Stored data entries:
#####
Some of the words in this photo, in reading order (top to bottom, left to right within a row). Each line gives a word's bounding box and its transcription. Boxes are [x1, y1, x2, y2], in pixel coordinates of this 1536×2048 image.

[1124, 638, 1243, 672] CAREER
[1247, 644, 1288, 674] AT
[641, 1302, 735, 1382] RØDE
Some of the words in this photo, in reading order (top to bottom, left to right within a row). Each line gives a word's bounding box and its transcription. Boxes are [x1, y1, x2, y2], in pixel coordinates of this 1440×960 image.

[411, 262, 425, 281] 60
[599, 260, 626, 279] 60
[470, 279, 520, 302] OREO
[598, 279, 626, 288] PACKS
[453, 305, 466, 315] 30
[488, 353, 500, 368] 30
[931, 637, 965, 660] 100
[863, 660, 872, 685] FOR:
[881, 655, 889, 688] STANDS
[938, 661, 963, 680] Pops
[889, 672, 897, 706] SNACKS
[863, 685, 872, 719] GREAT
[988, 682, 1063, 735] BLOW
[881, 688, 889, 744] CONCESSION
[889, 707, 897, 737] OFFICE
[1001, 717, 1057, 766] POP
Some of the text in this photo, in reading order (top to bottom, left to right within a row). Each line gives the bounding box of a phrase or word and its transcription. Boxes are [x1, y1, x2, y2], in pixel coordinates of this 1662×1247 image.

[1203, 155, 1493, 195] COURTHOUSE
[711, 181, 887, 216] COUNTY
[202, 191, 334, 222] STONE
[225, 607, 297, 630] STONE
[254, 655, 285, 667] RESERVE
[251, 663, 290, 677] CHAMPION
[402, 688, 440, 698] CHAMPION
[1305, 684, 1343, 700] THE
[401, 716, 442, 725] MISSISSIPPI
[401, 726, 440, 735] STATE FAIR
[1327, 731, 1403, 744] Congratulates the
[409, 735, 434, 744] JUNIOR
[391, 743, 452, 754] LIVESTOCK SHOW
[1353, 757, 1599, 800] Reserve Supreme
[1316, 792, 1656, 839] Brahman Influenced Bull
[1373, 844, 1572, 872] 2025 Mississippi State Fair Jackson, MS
#####
__Task statement__: Nothing in the records should differ from the original when you retype them.

__Solution to this task__:
Some of the words in this photo, in reading order (top to bottom, left to right within a row). Each line gives a word's bounding box and its transcription. Boxes are [x1, y1, x2, y2], in pixel coordinates of this 1536×2048 image.

[1124, 638, 1243, 672] CAREER
[1247, 644, 1288, 674] AT
[641, 1302, 735, 1382] RØDE
Some of the words in this photo, in reading order (top to bottom, left to right within a row). Each line gives a word's bounding box and its transcription. Boxes are [x1, y1, x2, y2], in pixel coordinates of this 1440×960 image.

[411, 262, 425, 281] 60
[599, 260, 626, 279] 60
[470, 279, 520, 302] OREO
[598, 279, 626, 288] PACKS
[453, 305, 466, 315] 30
[488, 353, 500, 368] 30
[931, 637, 965, 660] 100
[863, 660, 872, 685] FOR:
[881, 655, 889, 688] STANDS
[938, 661, 963, 680] Pops
[889, 672, 897, 706] SNACKS
[863, 685, 872, 719] GREAT
[988, 682, 1063, 735] BLOW
[881, 688, 889, 744] CONCESSION
[889, 707, 897, 737] OFFICE
[1001, 717, 1057, 766] POP
Some of the text in this photo, in reading order (top to bottom, left to right within a row). Each line gives the bounding box of a phrase or word and its transcription. Boxes are [x1, y1, x2, y2], in pixel coordinates of this 1662×1247 image.

[1203, 155, 1493, 195] COURTHOUSE
[711, 181, 887, 216] COUNTY
[202, 191, 334, 222] STONE
[225, 607, 297, 630] STONE
[254, 655, 285, 667] RESERVE
[251, 663, 290, 677] CHAMPION
[402, 688, 440, 698] CHAMPION
[1305, 684, 1343, 700] THE
[401, 716, 442, 725] MISSISSIPPI
[401, 726, 440, 735] STATE FAIR
[1327, 731, 1403, 744] Congratulates the
[409, 735, 434, 744] JUNIOR
[391, 743, 452, 754] LIVESTOCK SHOW
[1353, 757, 1599, 800] Reserve Supreme
[1316, 792, 1656, 839] Brahman Influenced Bull
[1373, 844, 1572, 872] 2025 Mississippi State Fair Jackson, MS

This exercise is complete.